Atlassian has warned the administrator that a public exploit is now available due to a critical Confluence security flaw that can be used in data destruction attacks targeting exposed and unregistered instances of the Internet.

Tracked as CVE-2023-22518, this bypass vulnerability with a severity rating of 9.1/10 affects all versions of Confluence Data Center and Confluence Server software.

Atlassian warned in an initial advisory update that it has discovered a publicly available exploit that puts publicly accessible environments at significant risk.

“As part of Atlassian’s ongoing monitoring of this CVE, we have seen the public posting of critical information about the vulnerability increasing the risk of exploitation,” the company said.

“There have been no reports of active exploits, although customers should take immediate action to secure their settings. If you have already applied the patch, no further action is required.”

Although attackers can exploit the vulnerability to wipe data from affected servers, it cannot be used to steal data stored in vulnerable situations. It is also important to mention that Atlassian Cloud sites accessed through the atlassian.net domain are not affected, according to Atlassian.

Today’s warning follows one issued by Atlassian’s Chief Information Security Officer (CISO) Bala Sathiamurthy when the vulnerability was released on Tuesday.

“As part of our ongoing security assessment processes, we have discovered that Confluence Data Center and Server customers are at risk of losing valuable data if exploited by an unauthorized attacker,” said Sathiamurthy.

“There are no reports of active exploitation at this time; however, customers should take immediate action to protect their accounts.”

Atlassian has fixed the critical vulnerability CVE-2023-22518 in Confluence Data Center and server versions 7.19.16, 8.3.4, 8.4.4, 8.5.3, and 8.6.1.

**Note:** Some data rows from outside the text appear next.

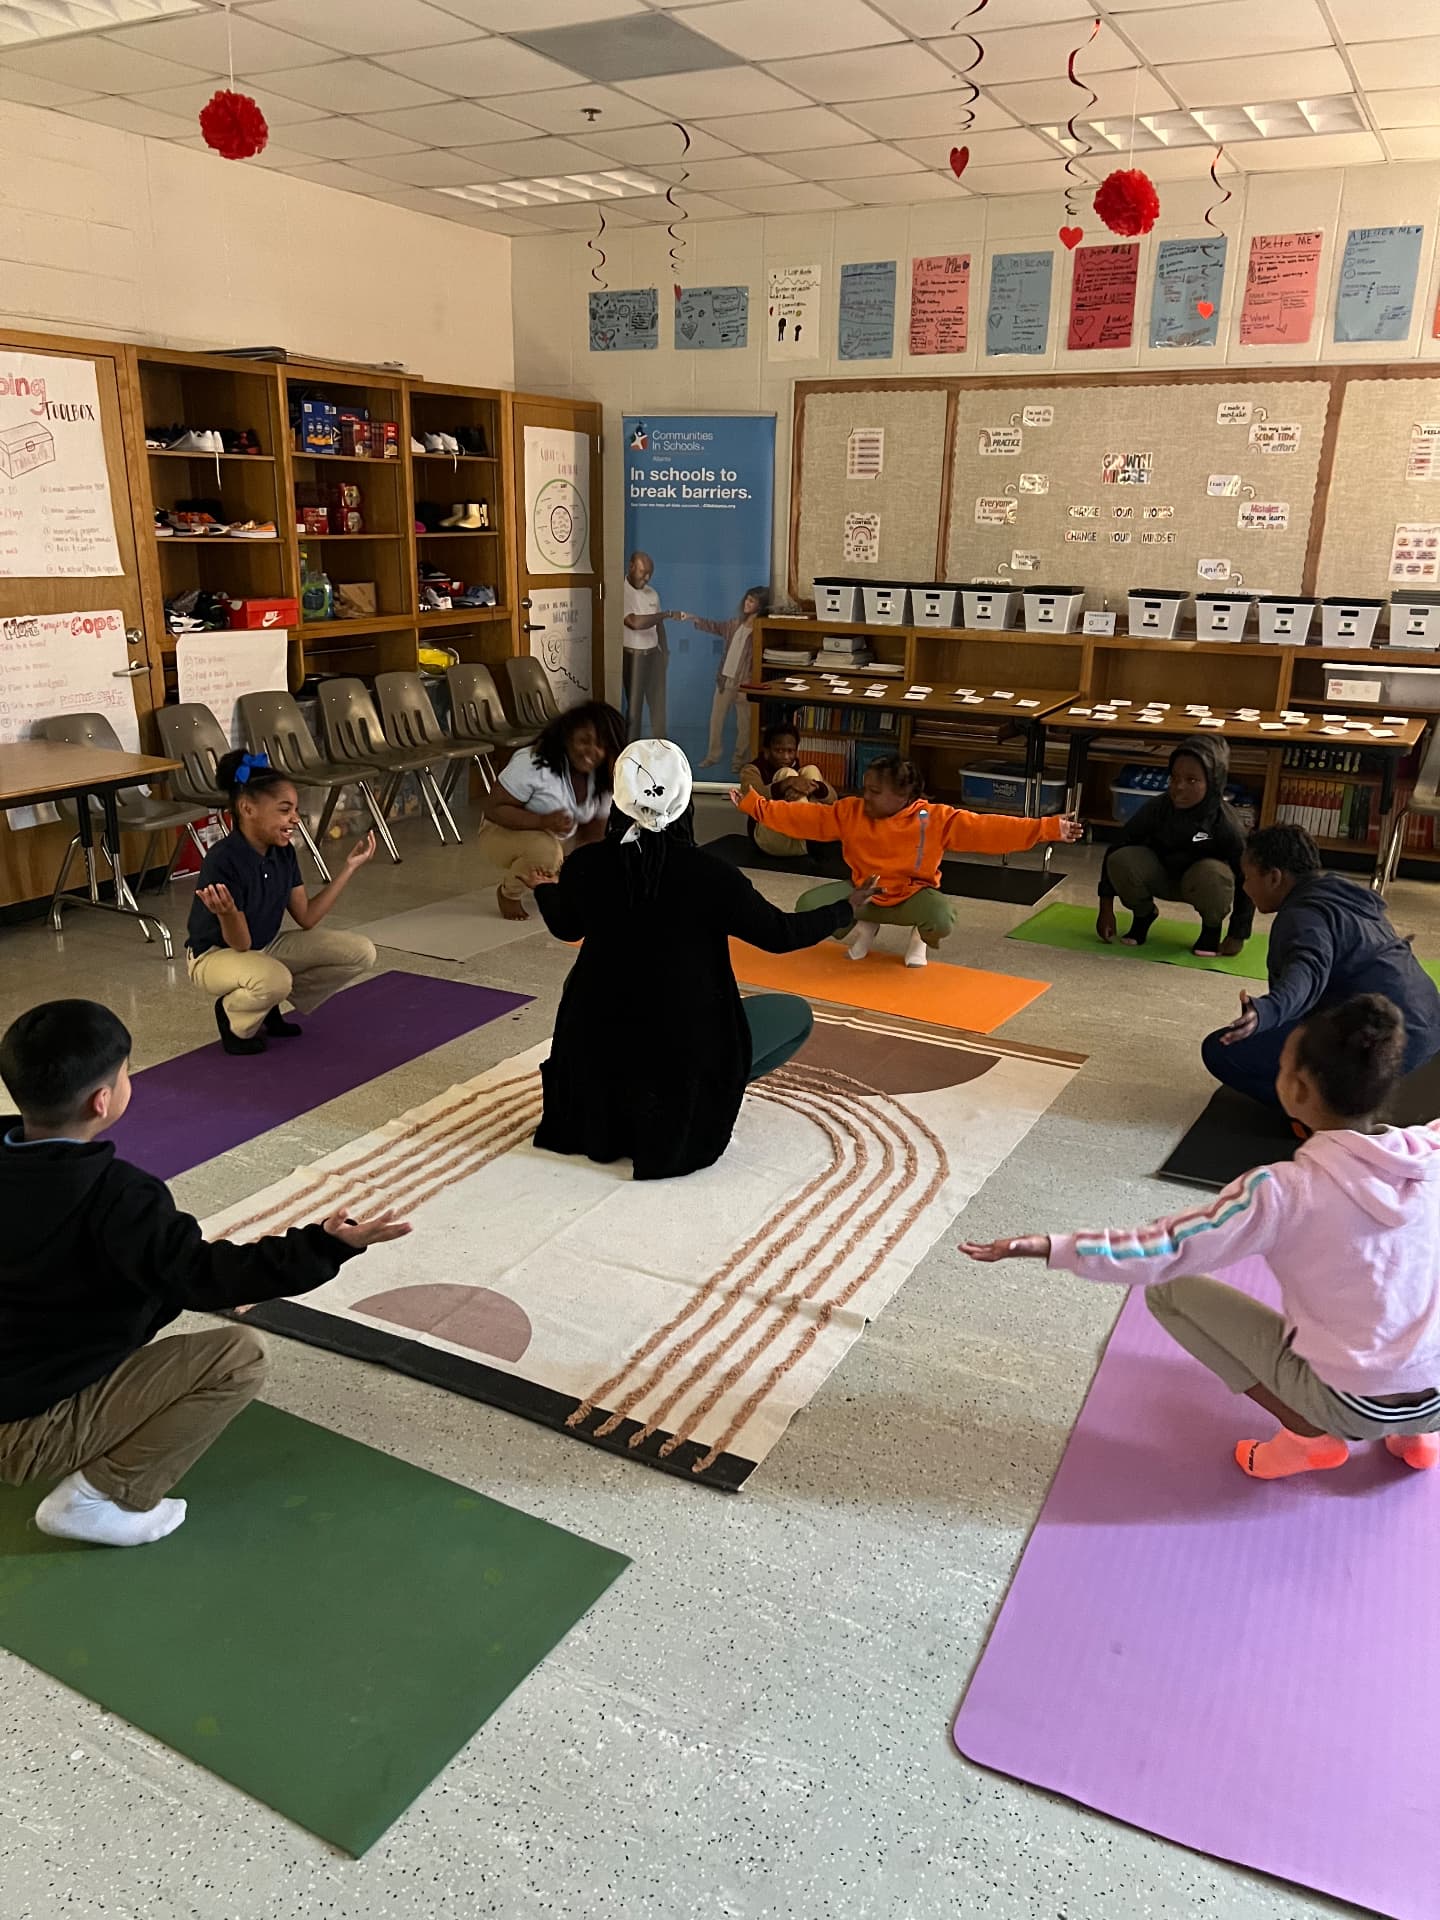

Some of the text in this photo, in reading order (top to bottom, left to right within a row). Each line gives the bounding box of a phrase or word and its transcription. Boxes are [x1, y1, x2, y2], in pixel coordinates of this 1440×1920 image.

[1260, 236, 1293, 249] Better
[39, 401, 95, 422] TOOLBOX
[652, 430, 714, 441] Communities
[652, 441, 701, 451] In Schools
[992, 439, 1021, 447] PRACTICE
[1103, 453, 1152, 468] GROWTH
[630, 467, 737, 482] In schools to
[630, 484, 752, 499] break barriers.
[1241, 513, 1255, 522] help
[1066, 531, 1097, 541] CHANGE
[1142, 533, 1177, 543] MINDSET

Mitigation measures are available

The company urged regulators to update their software immediately and, if that is not possible, to implement mitigation measures, including backing up undocumented instances and blocking Internet access to undocumented servers until they are updated.

If you can quickly patch your Confluence instances, you can also remove known vectors by blocking access to the following endpoints by modifying //confluence/WEB-INF/web.xml as described in the advisory and restarting the vulnerable state:

  1. /json/setup-restore.action
  2. /json/setup-restore-local.action
  3. /json/setup-restore-progress.action

“These mitigation actions are limited and do not take the place of patching your site; you should take immediate action,” warns Atlassian.

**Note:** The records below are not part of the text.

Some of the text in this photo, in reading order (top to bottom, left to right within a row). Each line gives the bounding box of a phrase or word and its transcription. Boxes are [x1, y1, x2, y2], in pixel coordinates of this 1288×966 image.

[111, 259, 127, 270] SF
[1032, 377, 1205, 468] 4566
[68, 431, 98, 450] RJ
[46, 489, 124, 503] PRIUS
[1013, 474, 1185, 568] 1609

Last month, CISA, FBI, and MS-ISAC warned defenders to immediately patch Atlassian Confluence servers against a continuously exploited flaw tracked as CVE-2023-22515.

Microsoft later discovered that a China-backed threat group identified as Storm-0062 (also known as DarkShadow or Oro0lxy) used the flaw as a zero-day from September 14, 2023.

Protecting vulnerable Confluence servers is critical, given their previous targeting of widespread attacks that pushed AvosLocker and Cerber2021 ransomware, Linux botnet malware, and crypto miners.